- 🧠 Reasoning-optimized variant of Arcee AI's Trinity-Large 398B sparse MoE family.
- ⚡ Roughly 13B active parameters per token for efficient inference.
- 📏 256K context window for long, multi-step agentic chains.
- 💬 Emits extended chain-of-thought inside reasoning-trace blocks.
- 🔧 Tool calling and agentic RL post-training for long-horizon tasks.
- 🌐 Multilingual training across 14 non-English languages.
- 🔒 Released under Apache 2.0 in 2026.
- 🏢 Built on Trinity-Large-Base; trained with Muon optimizer and SMEBU.
Arcee AI is an artificial intelligence company focused on developing advanced language models. The organization has built a reputation in the open-source AI community for its work on model optimization and specialized text generation architectures.

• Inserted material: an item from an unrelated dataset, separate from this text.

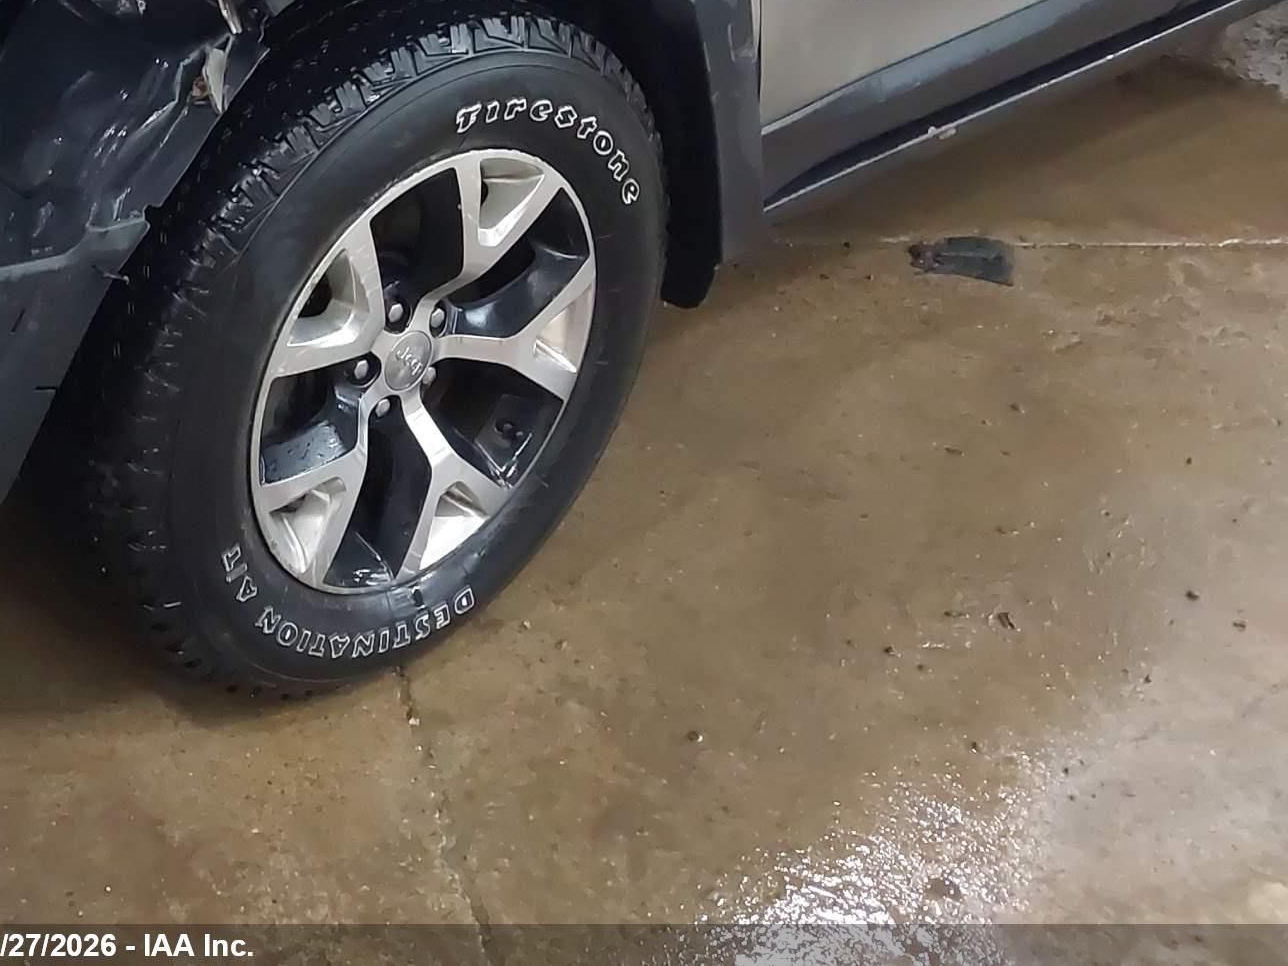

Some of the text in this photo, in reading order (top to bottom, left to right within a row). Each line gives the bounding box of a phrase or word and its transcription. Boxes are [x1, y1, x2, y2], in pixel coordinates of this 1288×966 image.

[455, 97, 641, 205] Firestone
[396, 346, 423, 376] Jeep
[221, 544, 475, 659] DESTINATION A/T

Trinity Large Thinking is the reasoning-oriented member of Arcee AI's Trinity-Large series, a sparse Mixture-of-Experts model with roughly 398–400B total parameters and about 13B activated per token. It shares the same MoE architecture as the chat-focused Trinity-Large-Preview but is post-trained for extended chain-of-thought reasoning and agentic reinforcement learning, making it suited to long-horizon agents, multi-turn tool calling, and audit-friendly stepwise output.

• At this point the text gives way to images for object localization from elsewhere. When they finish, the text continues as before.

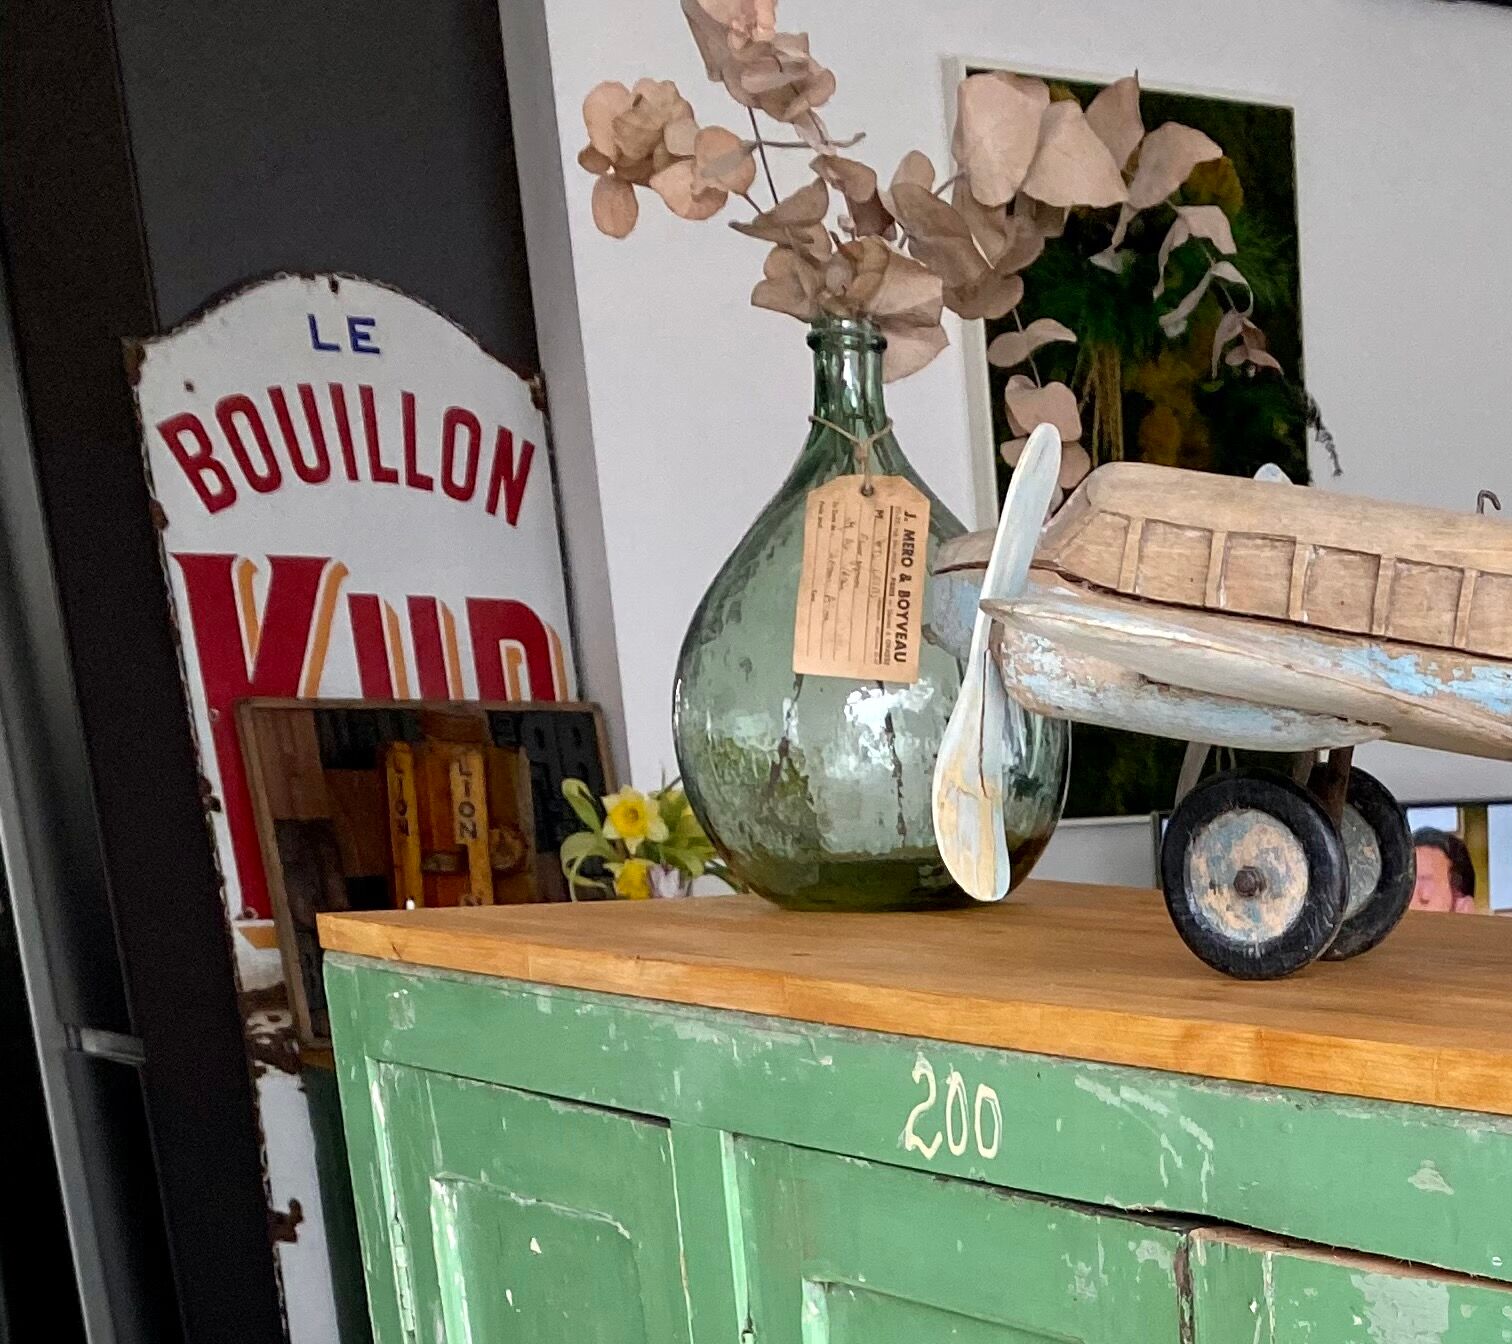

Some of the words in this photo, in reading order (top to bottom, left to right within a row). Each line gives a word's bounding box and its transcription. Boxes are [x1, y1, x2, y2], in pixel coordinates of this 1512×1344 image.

[308, 313, 381, 355] LE
[156, 382, 537, 527] BOUILLON
[901, 528, 916, 569] MERO
[893, 589, 911, 664] BOYVEAU
[458, 756, 478, 839] LION
[904, 1054, 1003, 1160] 200

The chief distinction from its same-family predecessors is reasoning behavior. Where Trinity-Large-Preview is lightly post-trained and chat-ready without trace output, Thinking emits intermediate reasoning inside dedicated reasoning-trace blocks before its final answer, and it is built on the Trinity-Large-Base foundation rather than being a fresh pretraining run.
Architecturally, the Trinity-Large family uses 256 experts with 4 active per token, interleaved local and global attention, gated attention, and sigmoid routing, according to Arcee's technical report. Training used the Muon optimizer plus a load-balancing technique called Soft-clamped Momentum Expert Bias Updates (SMEBU) across a 17-trillion-token pretraining recipe, completing with zero loss spikes.

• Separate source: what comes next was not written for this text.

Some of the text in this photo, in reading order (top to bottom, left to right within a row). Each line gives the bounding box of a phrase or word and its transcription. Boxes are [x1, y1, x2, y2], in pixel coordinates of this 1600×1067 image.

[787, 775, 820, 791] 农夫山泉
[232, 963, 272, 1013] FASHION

The model supports tool calling, multilingual input, and a large context window for sustained agentic workflows. It is distributed under Apache 2.0, with FP8 weights and quantized GGUF builds available for self-hosting.
This About section is AI-generated from public sources via VeniceStats + Venice inference, with no human editing. It may contain inaccuracies.
| Seller | Reputation↓ | Input $/M | Cached $/M | Output $/M | Categories | API |
|---|---|---|---|---|---|---|
| Venice.ai Proxy 0x1f22…18c9 | 88 | $0.1563 | $0.0375 | $0.5625 | chat,reasoning,coding,web-search | openai-chat-completions |
| surplusintelligence.ai 0x0e49…8927 | 79 | $0.3125 | $0.075 | $1.125 | anon,chat,code,coding,reasoning,web-search,research | openai-chat-completions |
| Fire Ant 🔥🐜 0xbe05…bc5d | 45 | $0.0625 | $0.0275 | $0.225 | anon,chat,code,coding,json,reasoning,research,tools,web-search | — |
| ▲ Apex Ant 0x73b4…e736 | 40 | $0.0027 | $0.0005 | $0.009 | chat,reasoning,research | openai-chat-completions |
| Leftermute 0x388b…5389 | 26 | $0.0631 | $0.0631 | $0.2273 | chat,coding,json,reasoning,tools | openai-chat-completions |
| Meridian AI 0x8c8c…06f5 | 2 | $0.0675 | $0.0675 | $0.243 | chat,reasoning | openai-chat-completions |
"Best price" and the seller table are live AntSeed catalog data (advertised $/1M tokens, not settled amounts). Reputation = on-chain trust (0-100). Model knowledge (TLDR, provider, About) via the VeniceStats enrichment layer. Advertised catalog, not the model used in any specific purchase.